Directions for this task
Repeat all of the records exactly, leaving out the pictures.

Provided data
>>

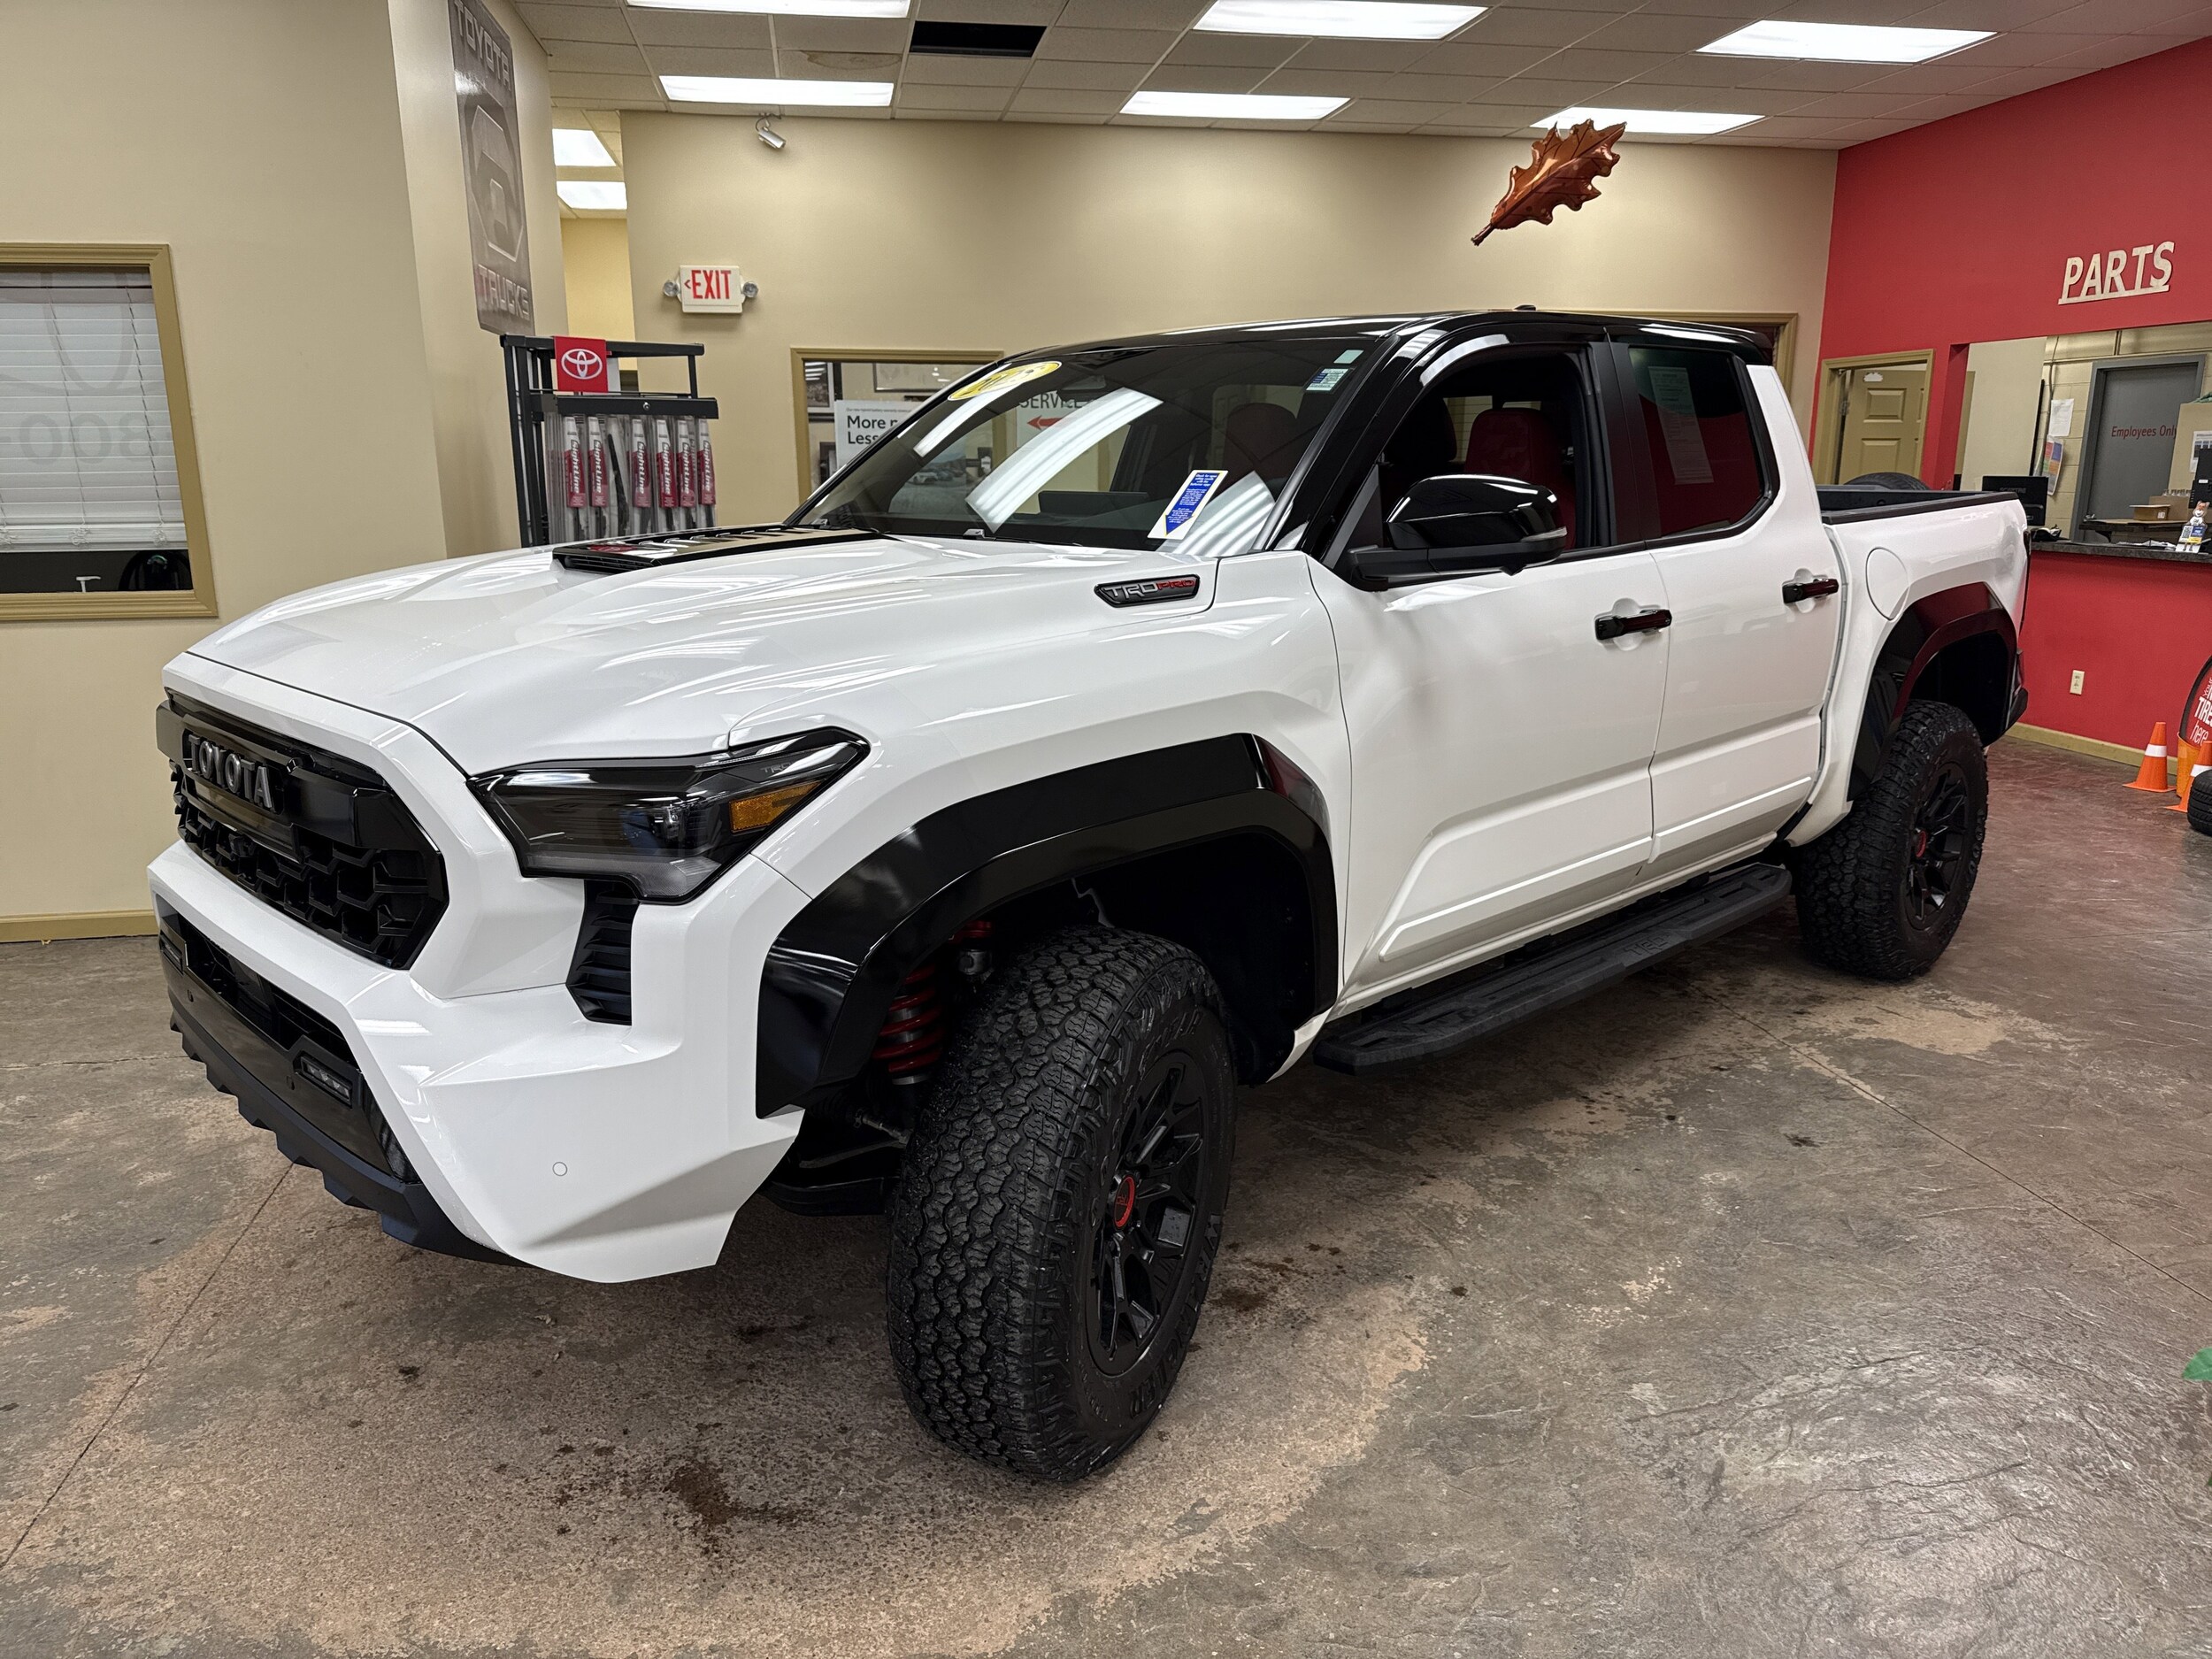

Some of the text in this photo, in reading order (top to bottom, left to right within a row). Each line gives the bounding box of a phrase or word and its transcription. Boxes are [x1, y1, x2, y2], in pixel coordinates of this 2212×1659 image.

[454, 0, 511, 91] TOYOTA
[478, 264, 530, 320] TRUCKS
[691, 270, 732, 299] EXIT
[2060, 241, 2175, 303] PARTS
[847, 415, 886, 429] More
[2111, 426, 2157, 440] Employees
[1104, 579, 1195, 599] TRD PRO
[188, 734, 273, 810] TOYOTA
[1130, 1213, 1223, 1418] WRANGLER

<<

Answer to the problem
Some of the text in this photo, in reading order (top to bottom, left to right within a row). Each line gives the bounding box of a phrase or word and its transcription. Boxes are [x1, y1, x2, y2], in pixel coordinates of this 2212×1659 image.

[454, 0, 511, 91] TOYOTA
[478, 264, 530, 320] TRUCKS
[691, 270, 732, 299] EXIT
[2060, 241, 2175, 303] PARTS
[847, 415, 886, 429] More
[2111, 426, 2157, 440] Employees
[1104, 579, 1195, 599] TRD PRO
[188, 734, 273, 810] TOYOTA
[1130, 1213, 1223, 1418] WRANGLER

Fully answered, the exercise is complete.